В доме словно завелся дикий кот — мальчишка царапался, кусался, ел отдельно, рычал, когда кто-нибудь протягивал руку к его тарелке. Те несколько слов, которые удавалось из него вытянуть, он произносил на варварском наречии морванских дровосеков — без помощи Эттема, тамошних уроженцев, их невозможно было понять. И все-таки нежные заботы и ласка постепенно его приручали, «мало-маленько», как он выражался. Он согласился сменить обноски, в которых его сюда привели, на чистую и теплую одежду, а первые дни попробуй только ее к нему поднести — сейчас «вызверится»: это было все равно что на шакала надеть попонку, какие надевают на комнатных собачек. Он научился есть, сидя за столом, обращаться с ложкой и с вилкой, а когда спрашивали, как его зовут, он отвечал, что «его звать Жозаф».

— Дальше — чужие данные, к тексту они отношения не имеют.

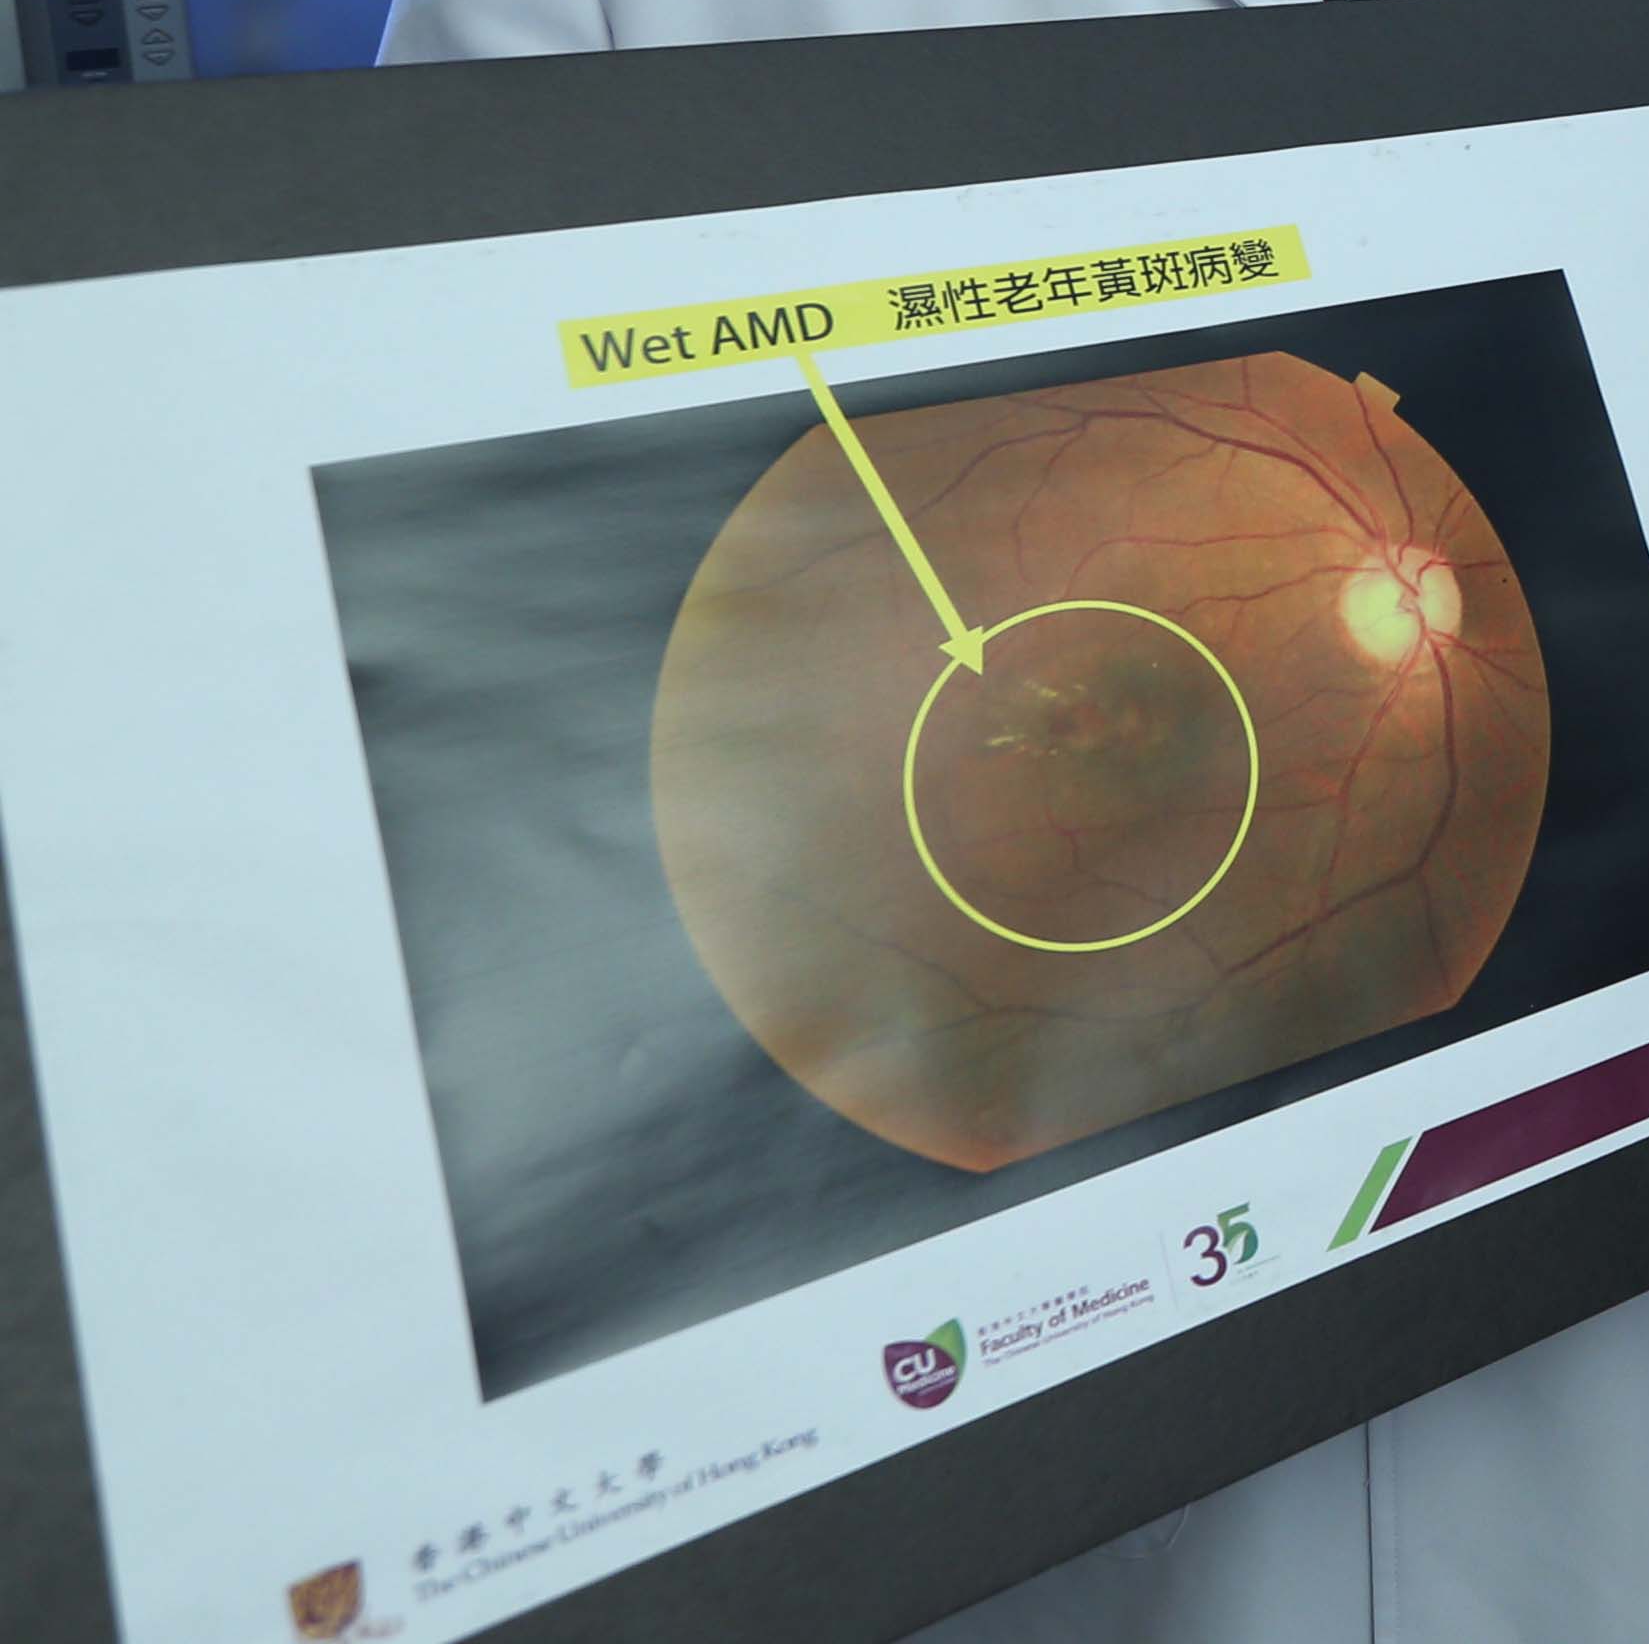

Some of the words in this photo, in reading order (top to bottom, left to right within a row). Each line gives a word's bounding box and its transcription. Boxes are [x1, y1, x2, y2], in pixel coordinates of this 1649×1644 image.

[888, 238, 1280, 331] 濕性老年黃斑病變
[580, 325, 696, 372] Wet
[711, 302, 833, 356] AMD
[979, 1320, 1044, 1357] Faculty
[1049, 1308, 1067, 1329] of
[1072, 1278, 1150, 1320] Medicine
[892, 1348, 938, 1383] CU

Что касается других элементарных представлений, то с этим надо было еще подождать. Он вырос в дебрях, в хижине угольщика, его голову — упрямую голову лесовичка — наполнял слитный гул шумливого и копошливого леса, как наполняет раковину шум моря. И не было никакой возможности наполнить ее чем-либо еще, и ни в какую погоду он не мог усидеть дома. В дождь, в метель, в дни, когда безлистые, покрытые инеем деревья звездчатыми кораллами тянулись к небу, мальчик убегал из дому, колотил по кустам палкой, с беспощадной ловкостью заядлого охотника обшаривал норы. Когда же голод загонял его домой, то в подоле его бумазейной курточки, которую он ухитрялся разодрать в клочья, в карманах штанишек, снизу доверху забрызганных грязью, можно было обнаружить полузадушенного или дохлого зверька — крота, лесную мышь, птичку или, на худой конец, выдернутую в поле свеклу, картошку. Никакими силами нельзя было вытравить из него браконьерские и хищнические инстинкты, к которым примешивалась еще чисто крестьянская страсть подбирать блестящие вещицы: медные пуговицы, гагатовые бусы, свинцовую бумажку от шоколада, — все это «Жозаф» собирал, как сорока-воровка, и, зажав в кулаке, уносил в одному ему известные тайники. Своей добыче он дал общее, неопределенное наименование — «припасы» (он произносил «прррипасы»), и ни уговоры, ни подзатыльники на него не действовали: он упорно продолжал прррипасать — за чей угодно счет.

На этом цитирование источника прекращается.